Exercise details
Retype the data exactly, skipping any picture in it.
[Provided entries — start]
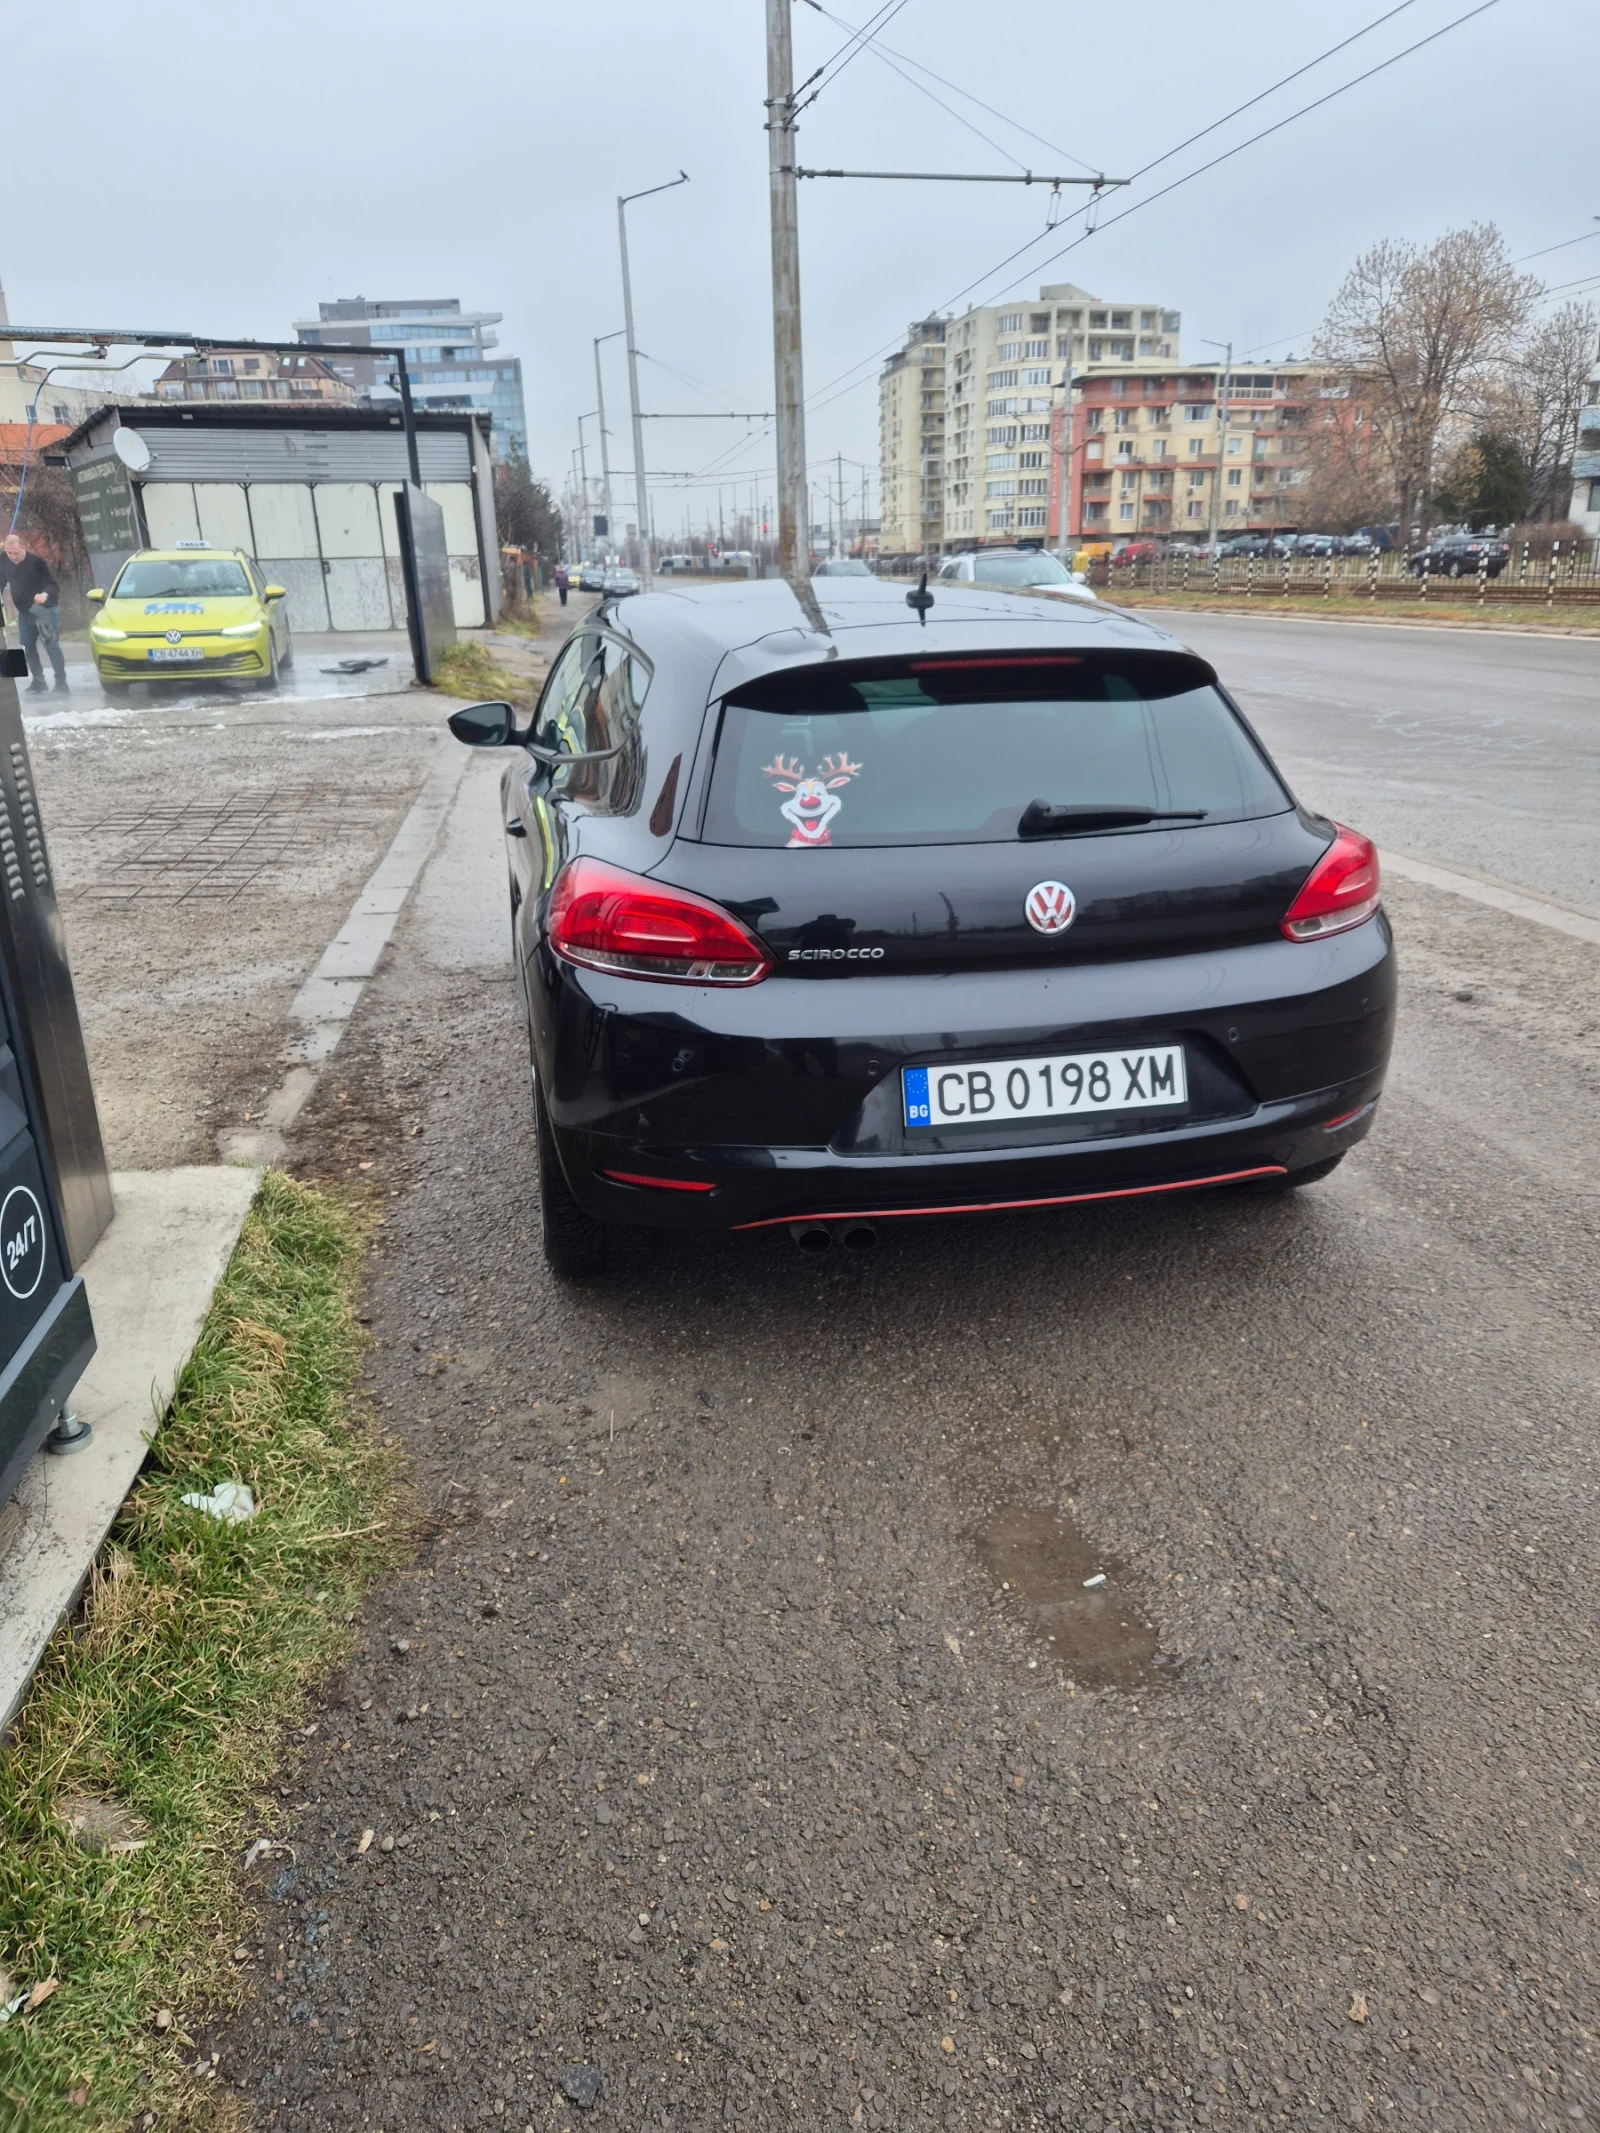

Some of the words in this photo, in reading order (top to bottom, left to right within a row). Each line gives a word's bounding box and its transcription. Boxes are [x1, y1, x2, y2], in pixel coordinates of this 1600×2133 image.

[788, 947, 885, 961] SCIROCCO
[937, 1070, 996, 1117] CB
[1006, 1059, 1112, 1111] 0198
[1121, 1053, 1177, 1102] XM
[909, 1104, 929, 1119] BG
[6, 1214, 36, 1271] 24/7
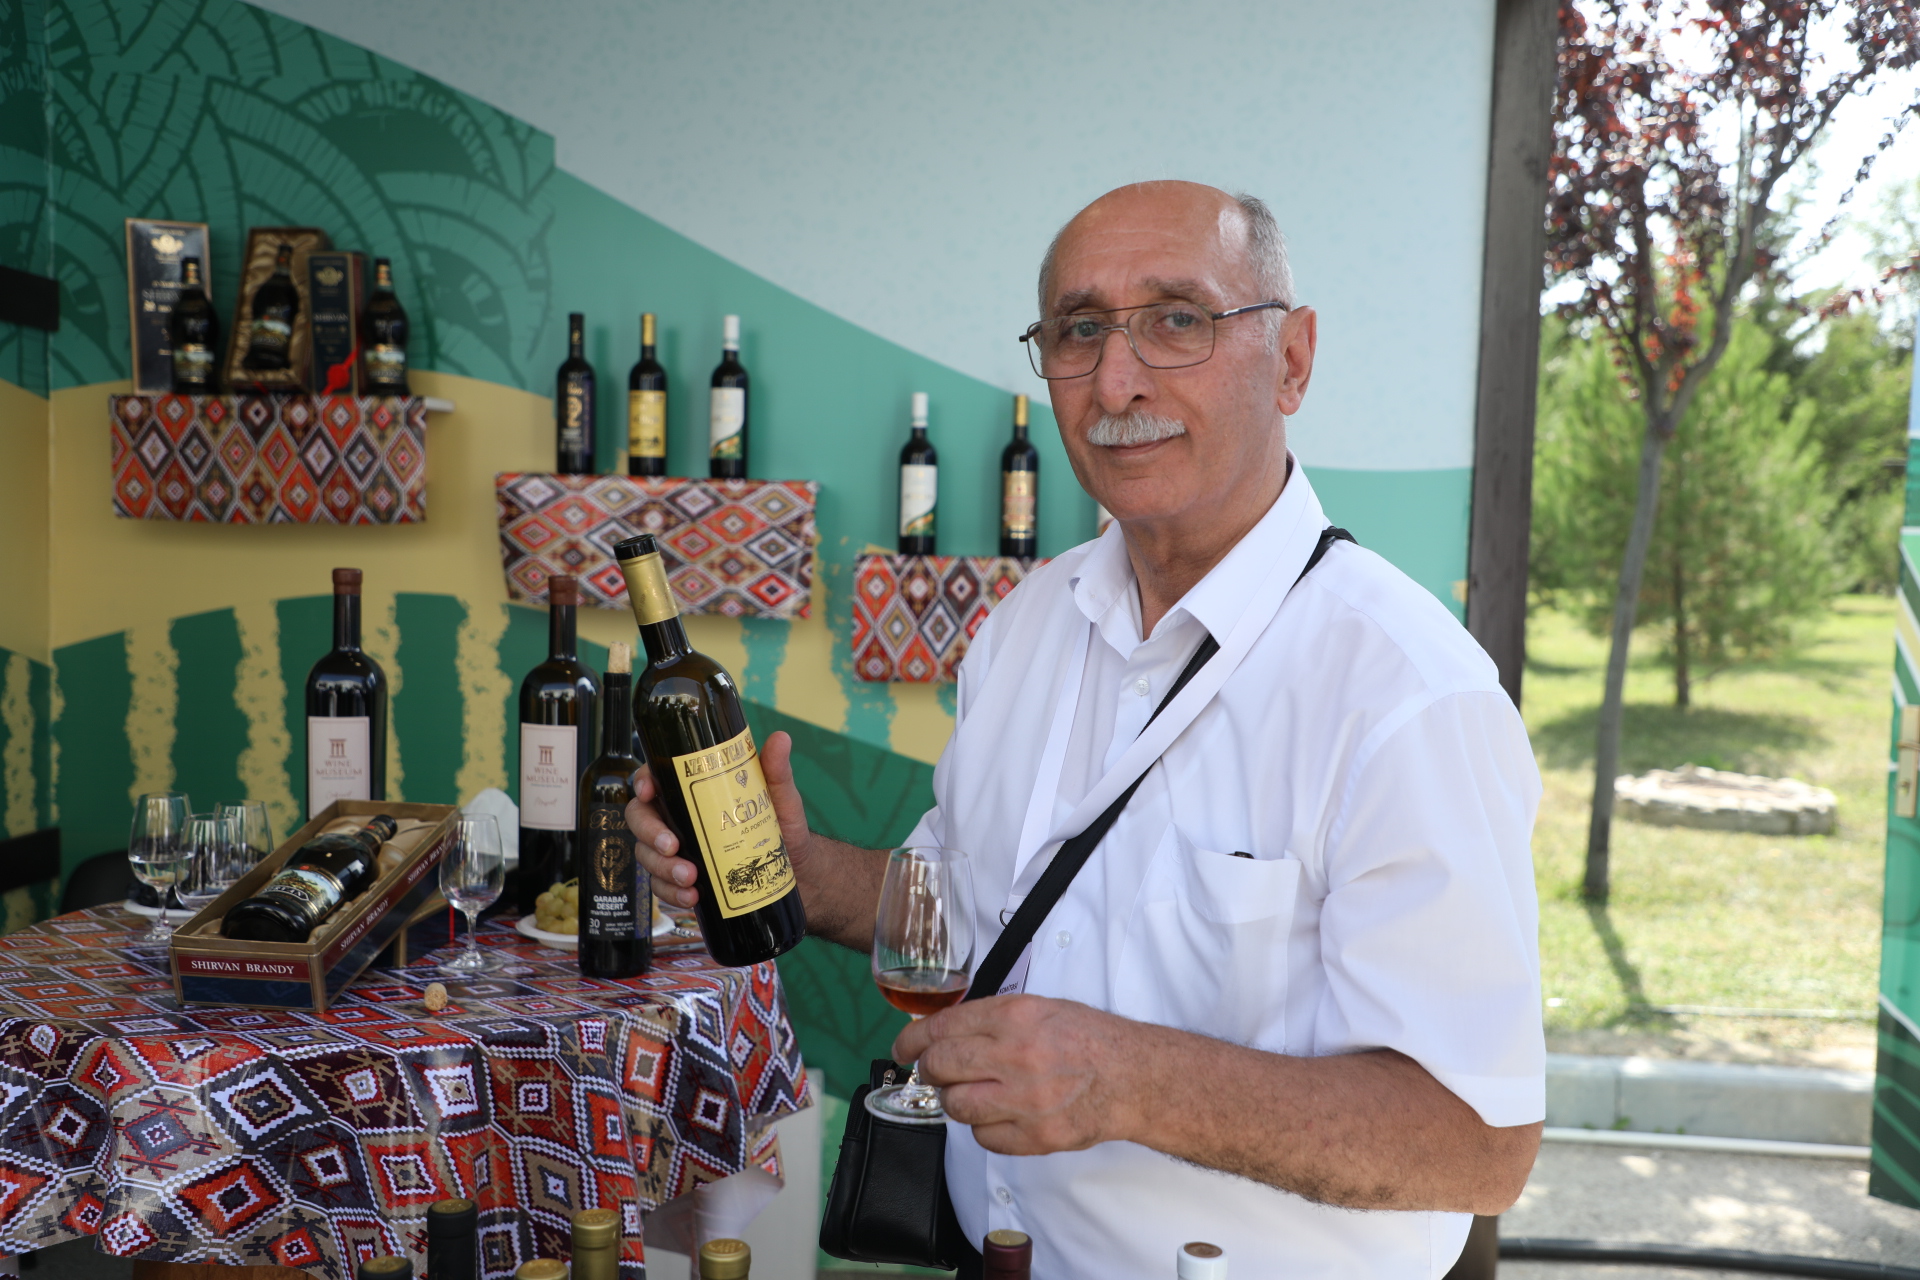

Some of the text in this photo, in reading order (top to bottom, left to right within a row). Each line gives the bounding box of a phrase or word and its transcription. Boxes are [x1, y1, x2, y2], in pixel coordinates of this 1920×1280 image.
[Provided entries — finish]
The answer
Some of the words in this photo, in reading order (top to bottom, left to right within a row). Each line gives a word's bounding box and its transcription. Boxes are [x1, y1, x2, y2], in pixel coordinates of this 1600×2133 image.

[788, 947, 885, 961] SCIROCCO
[937, 1070, 996, 1117] CB
[1006, 1059, 1112, 1111] 0198
[1121, 1053, 1177, 1102] XM
[909, 1104, 929, 1119] BG
[6, 1214, 36, 1271] 24/7

Some of the text in this photo, in reading order (top to bottom, left to right within a row). Each line gives the bounding box of a phrase or word and its transcription. Boxes are [x1, y1, x2, y2], in pixel coordinates of this 1920×1280 image.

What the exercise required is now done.